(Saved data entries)
________________

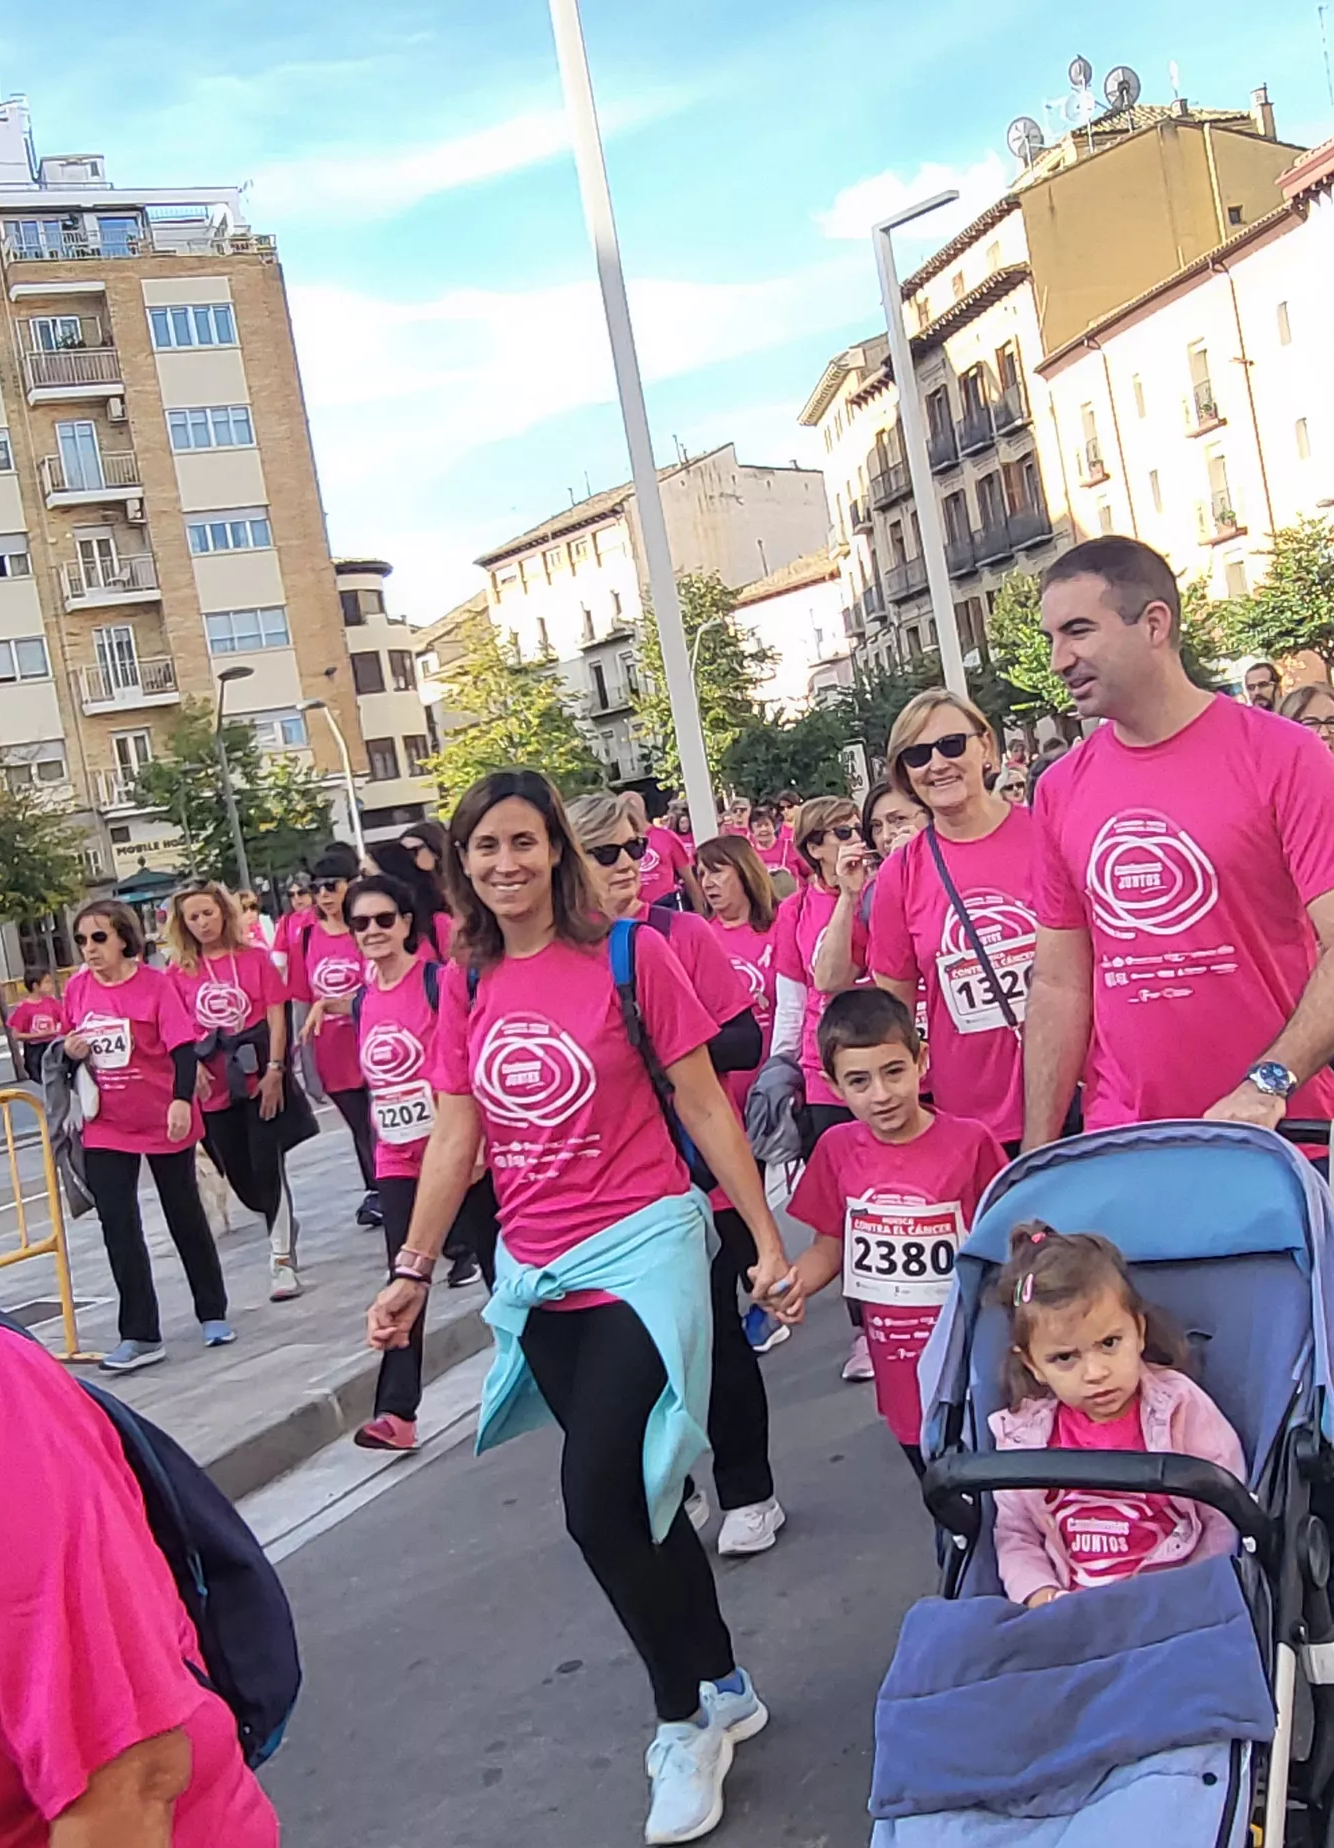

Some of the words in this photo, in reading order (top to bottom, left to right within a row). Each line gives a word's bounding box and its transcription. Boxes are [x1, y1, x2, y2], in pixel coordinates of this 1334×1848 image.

[116, 841, 160, 856] MOBILE
[854, 1218, 892, 1235] CONTRA
[893, 1225, 906, 1236] EL
[854, 1236, 955, 1277] 2380
[1071, 1533, 1129, 1553] JUNTOS
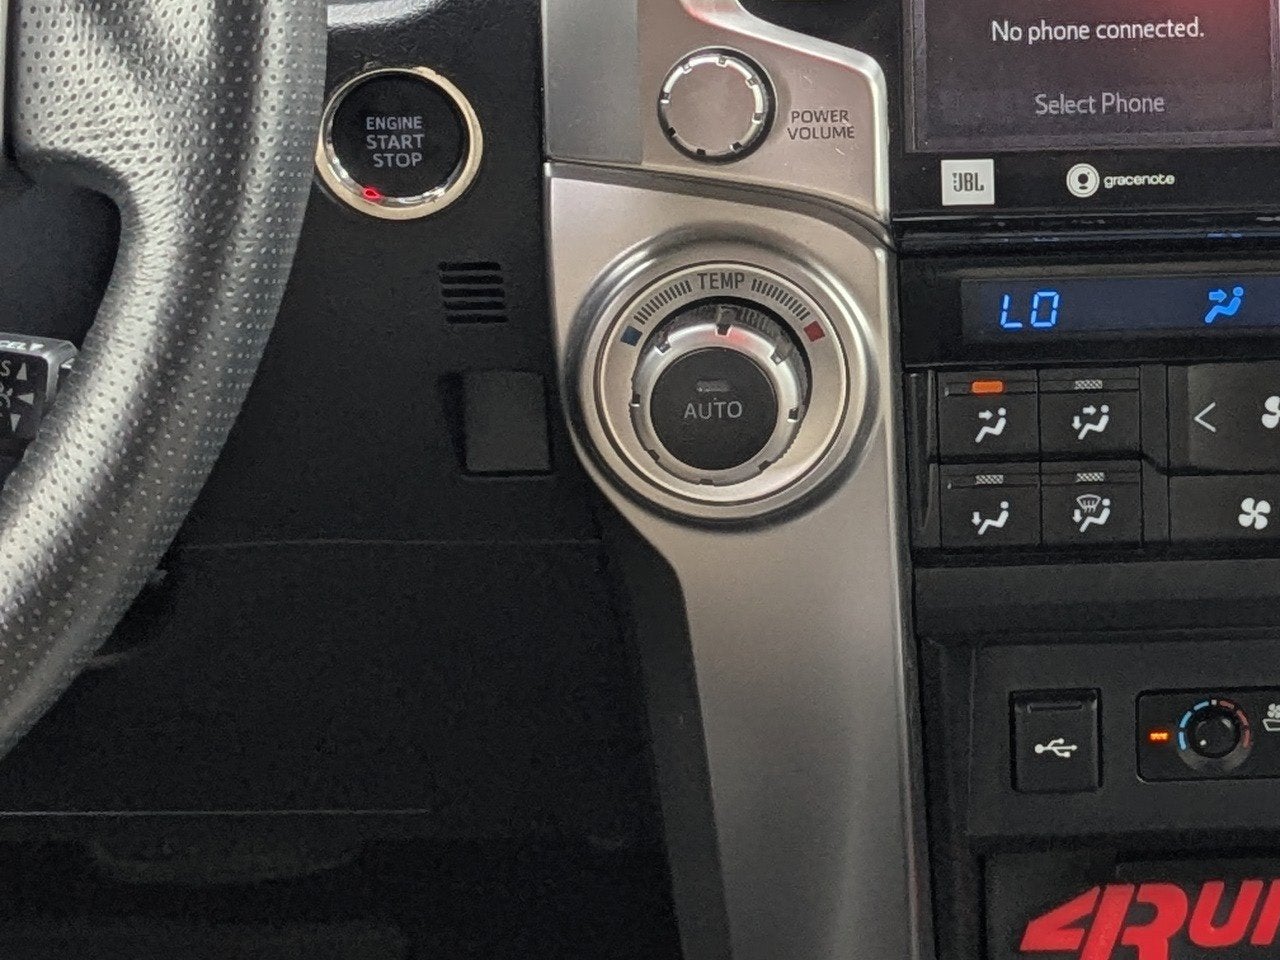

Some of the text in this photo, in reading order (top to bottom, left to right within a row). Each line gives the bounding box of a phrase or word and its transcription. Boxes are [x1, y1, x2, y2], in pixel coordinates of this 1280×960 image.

[991, 16, 1205, 44] No phone connected.
[1034, 91, 1165, 116] Select Phone
[366, 115, 423, 131] ENGINE
[790, 108, 850, 124] POWER
[366, 133, 425, 150] START
[787, 125, 856, 141] VOLUME
[372, 152, 423, 168] STOP
[952, 172, 985, 193] JBL
[1103, 172, 1176, 189] gracenote
[696, 271, 747, 291] TEMP
[683, 400, 743, 420] AUTO

________________

• What the task asks: Quote all the records verbatim, dropping any pictures from your copy.

• Response for this exercise:
Some of the words in this photo, in reading order (top to bottom, left to right within a row). Each line gives a word's bounding box and its transcription. Boxes are [x1, y1, x2, y2], in pixel coordinates of this 1334×1848 image.

[116, 841, 160, 856] MOBILE
[854, 1218, 892, 1235] CONTRA
[893, 1225, 906, 1236] EL
[854, 1236, 955, 1277] 2380
[1071, 1533, 1129, 1553] JUNTOS

Some of the text in this photo, in reading order (top to bottom, left to right within a row). Each line gives the bounding box of a phrase or word and its transcription. Boxes are [x1, y1, x2, y2], in pixel coordinates of this 1280×960 image.

[991, 16, 1205, 44] No phone connected.
[1034, 91, 1165, 116] Select Phone
[366, 115, 423, 131] ENGINE
[790, 108, 850, 124] POWER
[366, 133, 425, 150] START
[787, 125, 856, 141] VOLUME
[372, 152, 423, 168] STOP
[952, 172, 985, 193] JBL
[1103, 172, 1176, 189] gracenote
[696, 271, 747, 291] TEMP
[683, 400, 743, 420] AUTO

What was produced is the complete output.